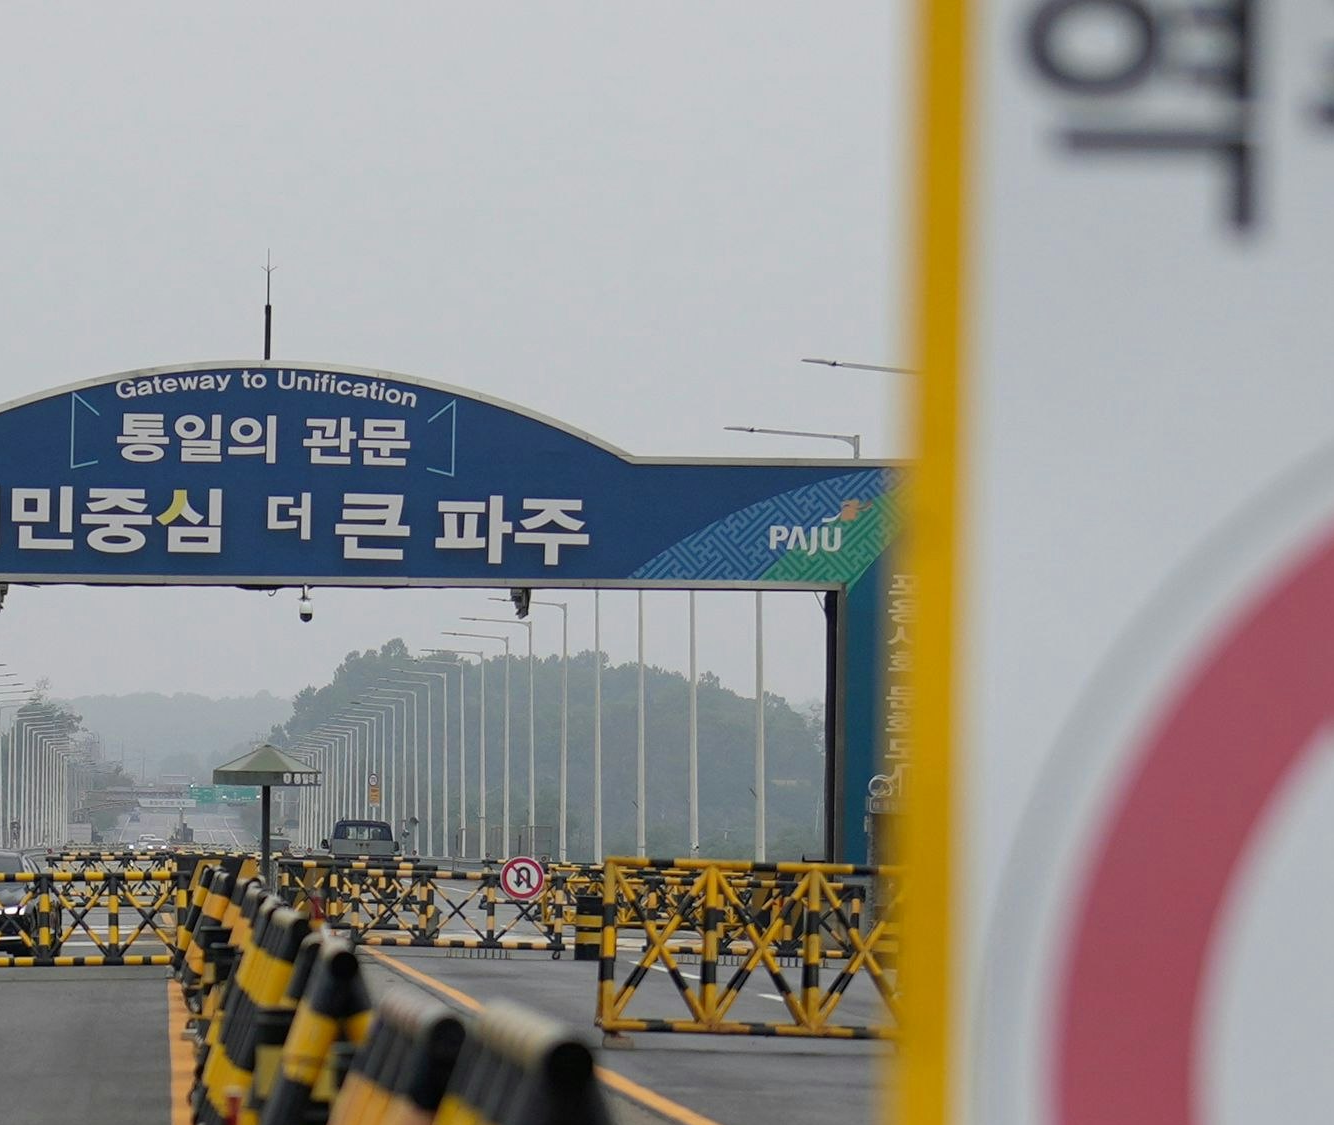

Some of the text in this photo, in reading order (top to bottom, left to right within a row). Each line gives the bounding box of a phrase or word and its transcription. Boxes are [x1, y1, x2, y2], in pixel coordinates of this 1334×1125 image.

[115, 369, 417, 408] Gateway to Unification
[116, 412, 411, 467] 통일의 관문
[266, 491, 312, 541] 더
[334, 492, 411, 561] 큰
[434, 494, 590, 566] 파주
[769, 525, 842, 556] PAJU

◆ WHAT THE EXERCISE ASKS:
Transcribe the listing above in full and exactly; no pictures belong in the copy.

◆ SOLUTION TO THE EXERCISE:
Some of the text in this photo, in reading order (top to bottom, left to right within a row). Each line gives the bounding box of a phrase or word and its transcription. Boxes are [x1, y1, x2, y2], in pixel coordinates of this 1334×1125 image.

[115, 369, 417, 408] Gateway to Unification
[116, 412, 411, 467] 통일의 관문
[266, 491, 312, 541] 더
[334, 492, 411, 561] 큰
[434, 494, 590, 566] 파주
[769, 525, 842, 556] PAJU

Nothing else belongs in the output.